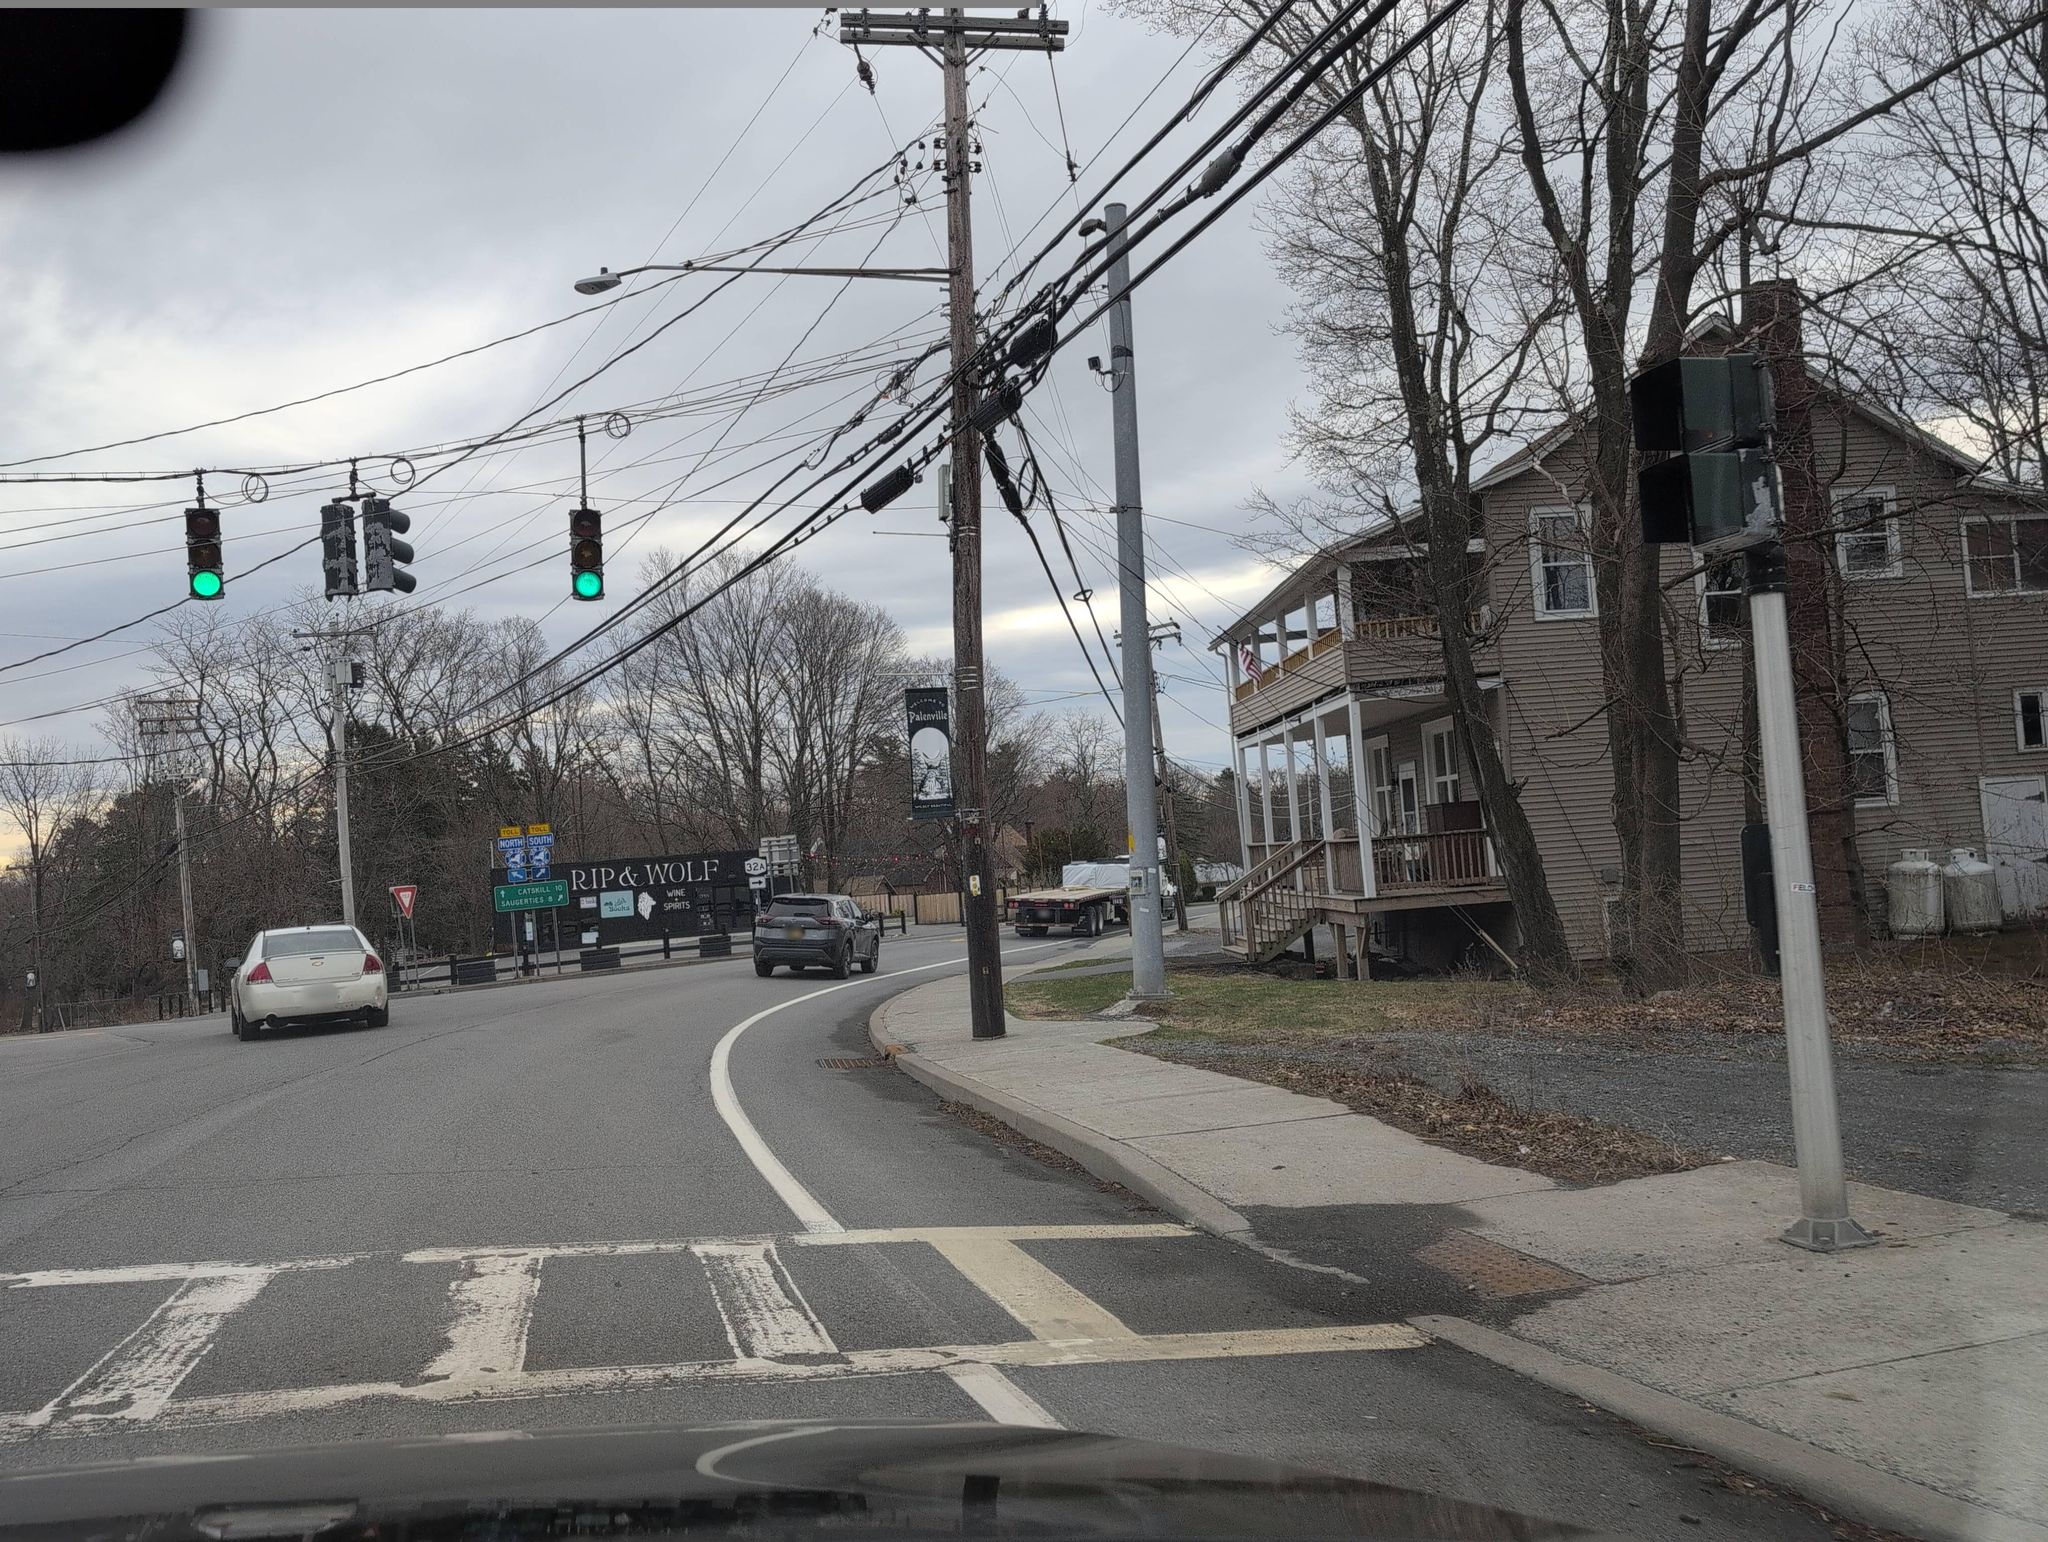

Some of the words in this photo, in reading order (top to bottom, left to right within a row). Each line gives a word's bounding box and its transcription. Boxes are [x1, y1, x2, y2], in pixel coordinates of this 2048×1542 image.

[908, 710, 948, 723] Palenville
[530, 825, 547, 833] TOLL
[500, 838, 523, 848] NORTH
[529, 834, 552, 845] SOUTH
[746, 862, 765, 872] 32A
[571, 867, 615, 890] RIP
[618, 865, 645, 887] &
[644, 859, 719, 885] WOLF
[517, 885, 551, 896] CATSKILL
[666, 888, 686, 897] WINE
[501, 896, 544, 907] SAUGERTIES
[663, 901, 691, 911] SPIRITS

·····

Produce a verbatim copy of every entry, excluding pictures.

ANSWER TO THE PROBLEM:
Some of the words in this photo, in reading order (top to bottom, left to right within a row). Each line gives a word's bounding box and its transcription. Boxes are [x1, y1, x2, y2], in pixel coordinates of this 2048×1542 image.

[908, 710, 948, 723] Palenville
[530, 825, 547, 833] TOLL
[500, 838, 523, 848] NORTH
[529, 834, 552, 845] SOUTH
[746, 862, 765, 872] 32A
[571, 867, 615, 890] RIP
[618, 865, 645, 887] &
[644, 859, 719, 885] WOLF
[517, 885, 551, 896] CATSKILL
[666, 888, 686, 897] WINE
[501, 896, 544, 907] SAUGERTIES
[663, 901, 691, 911] SPIRITS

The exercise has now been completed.